Now, the headlines are buzzing about machine learning and artificial intelligence (AI). Computers have been able to learn and adapt on their own for years, but it took a free program, ChatGPT, to capture the attention of the masses.
Certainly, there’s no denying that machine learning will be here to stay. Unlike NFTs, generative/conversational AI programs like ChatGPT actually have utility. It unfortunate, though, that ChatGPT’s best-known use has been among students who would rather have a robot write their term papers.
ChatGPT, Google’s Bard, and other generative AI programs are far from perfect. They’ve been known to provide responses that are sometimes inaccurate, offensive, or even dangerous. Besides, the writing they produce tends to lack flow and common sense, sounds unnatural, and doesn’t offer original ideas or conclusions.

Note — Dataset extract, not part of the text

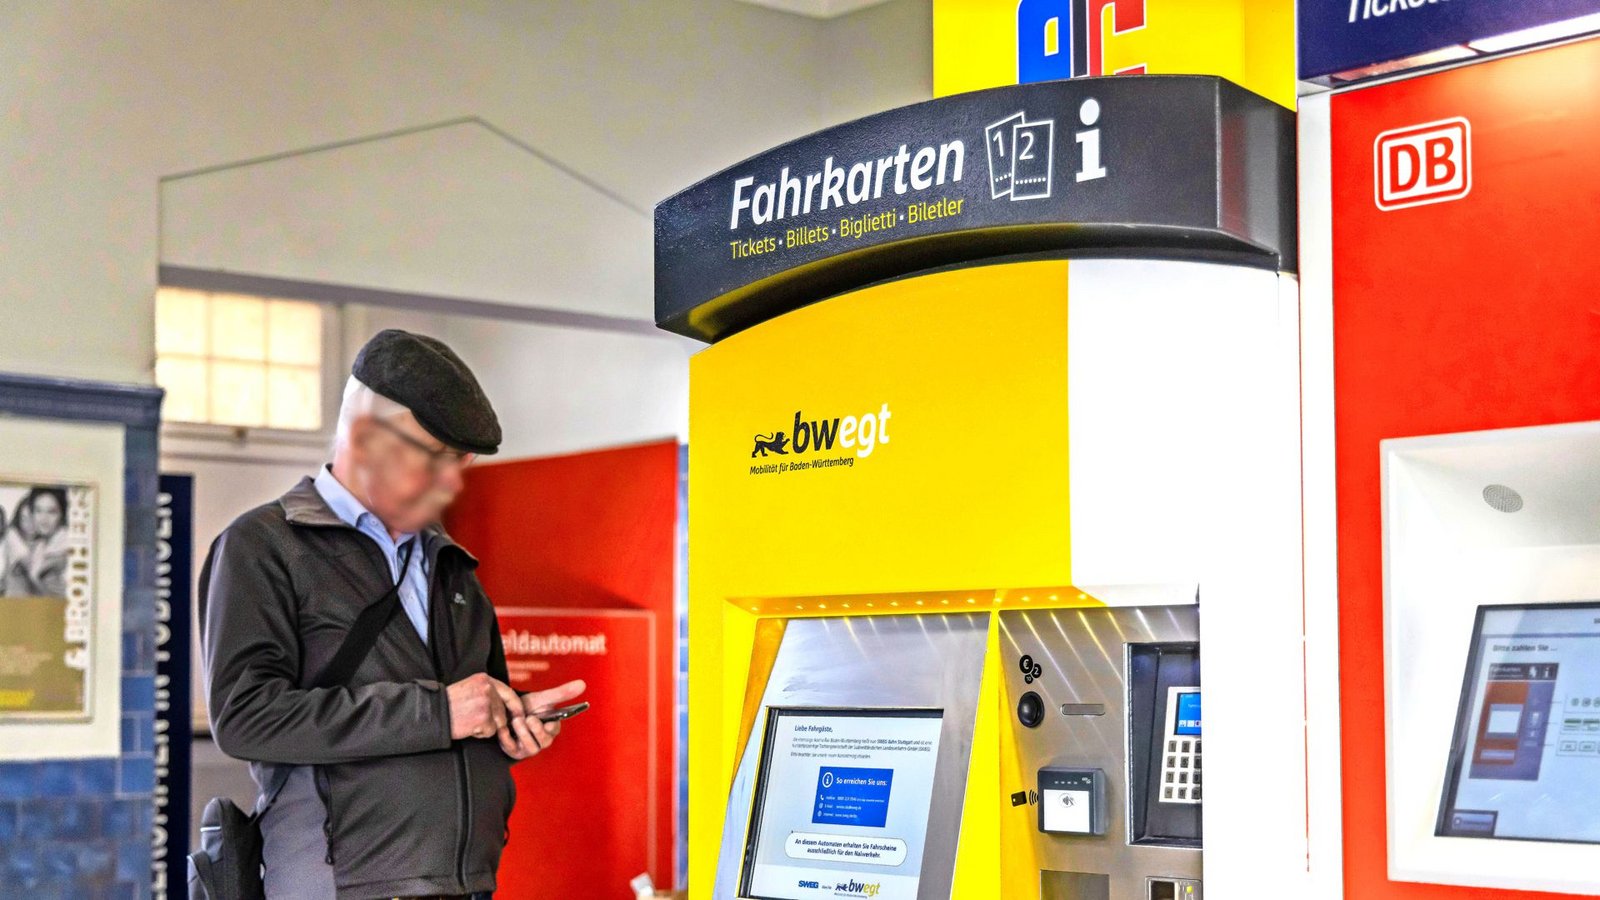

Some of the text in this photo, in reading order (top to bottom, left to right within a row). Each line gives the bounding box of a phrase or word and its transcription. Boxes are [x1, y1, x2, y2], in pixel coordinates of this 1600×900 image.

So, I disagree with Bill Gates, who once claimed that AI will be able to do everything that humans can do. Nevertheless, the robot revolution is here and it’s not going away within our lifetime. Does this mean it’s time to commit your hard-earned capital to AI stocks, though?
As always, sensible investors must look before they leap. If you’re among the financial traders expecting a recession to occur in the near future – and there are reasons to believe this – then buying AI stocks now simply wouldn’t make sense.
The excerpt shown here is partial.